Wonderstruck

Wonderstruck. That’s an interesting word. Wonderstruck. The dictionary says it means – struck with wonder; feeling admiration, surprise, etc. I like this word. I don’t believe that I have ever been struck before. But I like the idea of being struck with wonder. I think that I am Wonderstruck over Mr Brian Selznick. His books fill me with admiration and surprise. We’ve been kind of on a roll lately with his books. The latest to cross our threshold is called Wonderstruck.

IMG_1934Wonderstruck
by Brian Selznick
published by Scholastic Press in 2011

suitable for grades 3-7

themes – deaf culture, museums, chasing your dreams

it begins –
(The book actually begins with several pages of illustration of wolves running toward the reader.)
The first text begins on page 16 –
Something hit Ben Wilson and he opened his eyes. The wolves had been chasing him again and his heart was pounding.

This is another really BIG book by Mr Selznick. 637 pages! Another really BIG mostly picture book that can be read in a short amount of time. I’ve noticed that a lot of my readers in 3rd and 4th grade like to check out BIG books. I think they like the look and feel of BIG books. But most BIG books are a little much for some of them to handle. Mr Selznick’s BIG books are delightful! Lots of great illustrations that are filled with story.

This book – Wonderstruck – is actually TWO stories being told at the same time! One in text and one in pictures! Both stories kind of parallel each other throughout the book, but then in the end they intersect. Ben Wilson’s story begins in words in Gunflint Lake, Minnesota in 1977. His mom has recently died, he doesn’t know anything about his father, and he is living with his aunt and uncle.
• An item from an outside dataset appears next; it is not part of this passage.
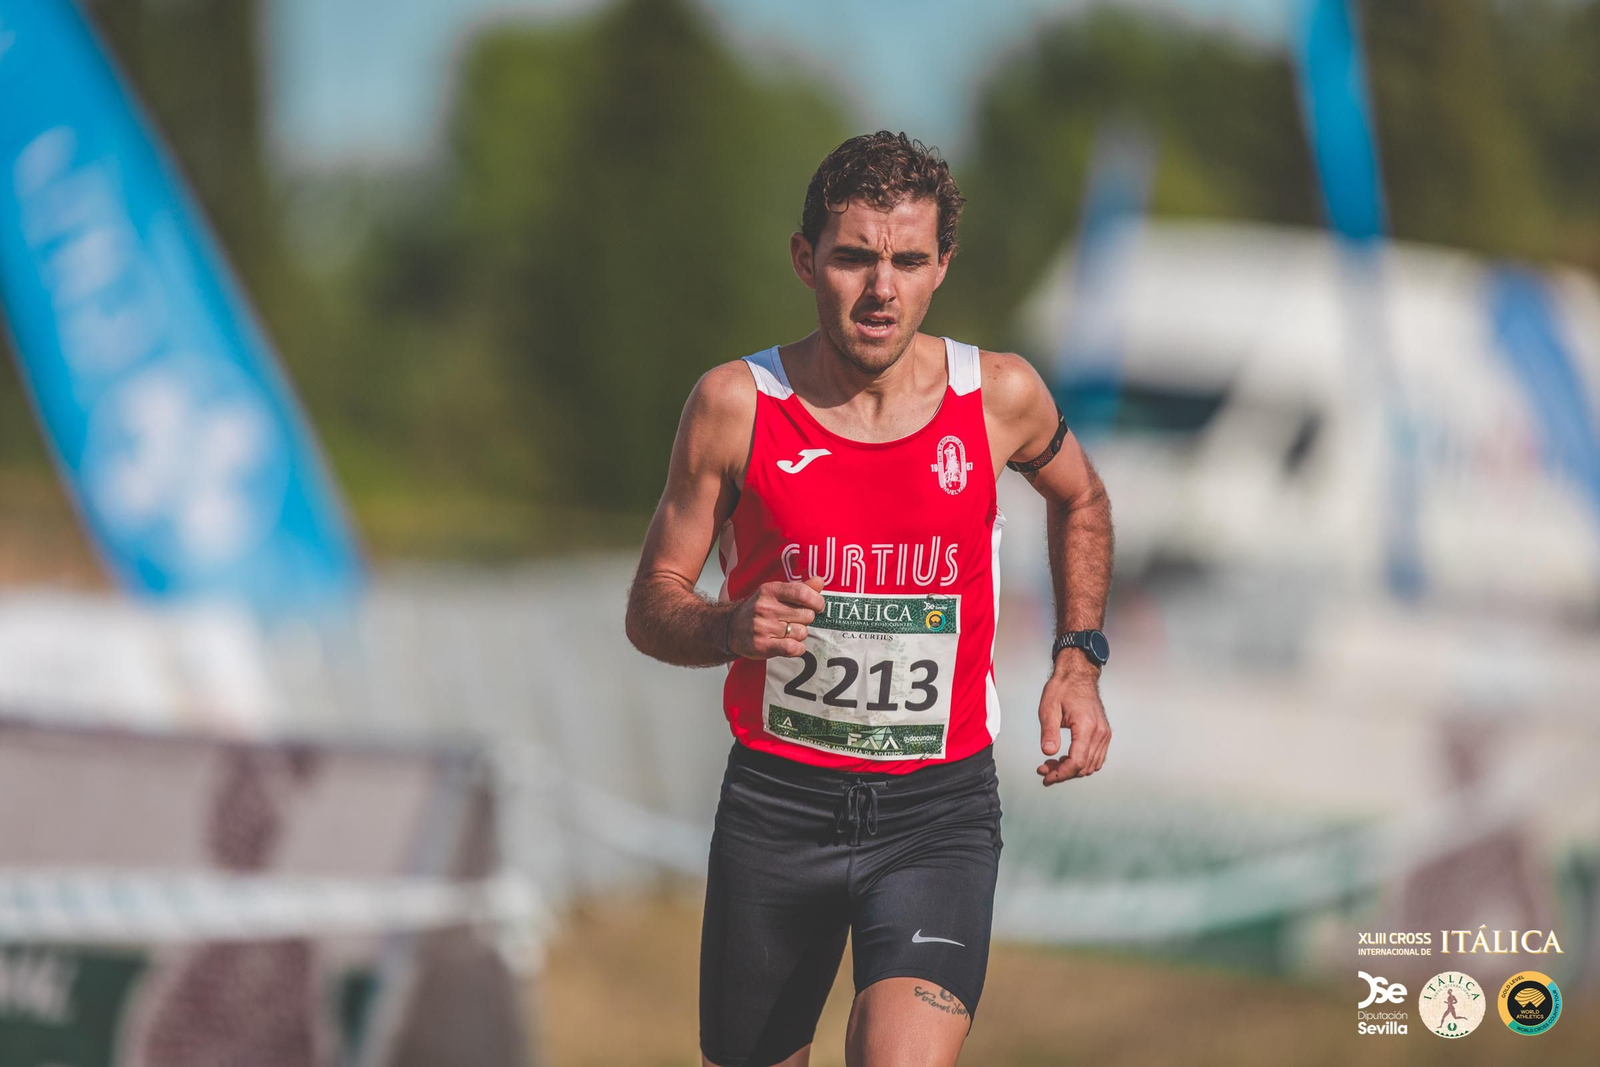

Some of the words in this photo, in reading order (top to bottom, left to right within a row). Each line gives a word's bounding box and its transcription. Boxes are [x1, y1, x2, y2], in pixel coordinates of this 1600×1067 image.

He was born deaf in one ear.

IMG_1936Rose Kincaid’s story begins in pictures in Hoboken, New Jersey in 1927. She seems to be obsessed with an actress and has a scrapbook of stories and pictures about her. It turns out that Rose is deaf and unhappy. Ben gets struck by lightening and becomes totally deaf. Both kids run away from home and venture to New York City. Rose, in search of her mother and brother. Ben in search of his unknown father. Their lives intersect at the Natural History Museum. And that’s as much as I’m going to tell you!! You’ll have to solve the mystery yourself!

This book is a thrilling mystery filled with Wonder. The wonder of a museum and all that is in it. The wonder of the universe. The wonder of being deaf and learning to get along in a hearing world. The wonder of friendship. The wonder of finding yourself.
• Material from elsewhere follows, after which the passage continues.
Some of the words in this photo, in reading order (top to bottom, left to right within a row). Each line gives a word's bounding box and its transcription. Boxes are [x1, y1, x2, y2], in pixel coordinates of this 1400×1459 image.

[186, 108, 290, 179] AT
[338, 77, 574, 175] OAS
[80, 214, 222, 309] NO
Mr. Brian Selznick is a Wonder.

Ben kept a treasure box full of wonders that he found around him. Rocks and bones and fossils, twigs, a baby tooth, a game piece, My Mom Person is a collector like this. She doesn’t have a special box – she just kind of makes little shrines all over the house. But I think that kids might like to make a treasure box like Ben’s. What kinds of things would go in your treasure box? Do you keep a box like this?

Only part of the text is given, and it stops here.